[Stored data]
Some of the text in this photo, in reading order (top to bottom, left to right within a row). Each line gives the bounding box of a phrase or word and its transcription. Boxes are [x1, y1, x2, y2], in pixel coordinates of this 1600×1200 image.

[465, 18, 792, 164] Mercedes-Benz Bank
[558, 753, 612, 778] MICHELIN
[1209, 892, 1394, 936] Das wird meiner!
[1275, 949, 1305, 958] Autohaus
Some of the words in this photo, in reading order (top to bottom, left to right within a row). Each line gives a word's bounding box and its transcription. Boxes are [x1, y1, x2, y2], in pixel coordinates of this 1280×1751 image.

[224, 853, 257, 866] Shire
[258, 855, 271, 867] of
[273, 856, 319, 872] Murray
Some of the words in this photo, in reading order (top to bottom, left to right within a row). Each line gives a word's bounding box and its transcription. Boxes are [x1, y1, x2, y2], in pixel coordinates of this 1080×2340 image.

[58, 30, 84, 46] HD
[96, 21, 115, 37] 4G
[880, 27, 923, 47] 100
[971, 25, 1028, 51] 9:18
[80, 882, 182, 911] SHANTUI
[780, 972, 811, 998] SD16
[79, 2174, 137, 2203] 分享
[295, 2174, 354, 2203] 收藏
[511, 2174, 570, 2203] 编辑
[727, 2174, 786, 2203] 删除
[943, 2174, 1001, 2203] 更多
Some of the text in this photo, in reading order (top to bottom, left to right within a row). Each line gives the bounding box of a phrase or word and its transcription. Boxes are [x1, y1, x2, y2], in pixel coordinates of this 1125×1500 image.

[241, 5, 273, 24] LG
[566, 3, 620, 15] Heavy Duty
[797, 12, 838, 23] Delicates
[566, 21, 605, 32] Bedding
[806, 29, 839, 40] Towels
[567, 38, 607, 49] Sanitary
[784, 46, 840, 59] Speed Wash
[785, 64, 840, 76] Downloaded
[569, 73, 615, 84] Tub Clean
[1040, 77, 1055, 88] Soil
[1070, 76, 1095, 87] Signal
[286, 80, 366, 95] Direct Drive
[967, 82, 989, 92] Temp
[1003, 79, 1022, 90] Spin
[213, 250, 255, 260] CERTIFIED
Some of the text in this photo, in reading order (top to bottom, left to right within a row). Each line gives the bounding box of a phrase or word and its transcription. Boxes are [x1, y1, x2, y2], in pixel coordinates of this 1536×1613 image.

What to work on:
Please be sure to repeat every entry exactly.

Written reply:
Some of the text in this photo, in reading order (top to bottom, left to right within a row). Each line gives the bounding box of a phrase or word and its transcription. Boxes are [x1, y1, x2, y2], in pixel coordinates of this 1600×1200 image.

[465, 18, 792, 164] Mercedes-Benz Bank
[558, 753, 612, 778] MICHELIN
[1209, 892, 1394, 936] Das wird meiner!
[1275, 949, 1305, 958] Autohaus
Some of the words in this photo, in reading order (top to bottom, left to right within a row). Each line gives a word's bounding box and its transcription. Boxes are [x1, y1, x2, y2], in pixel coordinates of this 1280×1751 image.

[224, 853, 257, 866] Shire
[258, 855, 271, 867] of
[273, 856, 319, 872] Murray
Some of the words in this photo, in reading order (top to bottom, left to right within a row). Each line gives a word's bounding box and its transcription. Boxes are [x1, y1, x2, y2], in pixel coordinates of this 1080×2340 image.

[58, 30, 84, 46] HD
[96, 21, 115, 37] 4G
[880, 27, 923, 47] 100
[971, 25, 1028, 51] 9:18
[80, 882, 182, 911] SHANTUI
[780, 972, 811, 998] SD16
[79, 2174, 137, 2203] 分享
[295, 2174, 354, 2203] 收藏
[511, 2174, 570, 2203] 编辑
[727, 2174, 786, 2203] 删除
[943, 2174, 1001, 2203] 更多
Some of the text in this photo, in reading order (top to bottom, left to right within a row). Each line gives the bounding box of a phrase or word and its transcription. Boxes are [x1, y1, x2, y2], in pixel coordinates of this 1125×1500 image.

[241, 5, 273, 24] LG
[566, 3, 620, 15] Heavy Duty
[797, 12, 838, 23] Delicates
[566, 21, 605, 32] Bedding
[806, 29, 839, 40] Towels
[567, 38, 607, 49] Sanitary
[784, 46, 840, 59] Speed Wash
[785, 64, 840, 76] Downloaded
[569, 73, 615, 84] Tub Clean
[1040, 77, 1055, 88] Soil
[1070, 76, 1095, 87] Signal
[286, 80, 366, 95] Direct Drive
[967, 82, 989, 92] Temp
[1003, 79, 1022, 90] Spin
[213, 250, 255, 260] CERTIFIED
Some of the text in this photo, in reading order (top to bottom, left to right within a row). Each line gives the bounding box of a phrase or word and its transcription. Boxes are [x1, y1, x2, y2], in pixel coordinates of this 1536×1613 image.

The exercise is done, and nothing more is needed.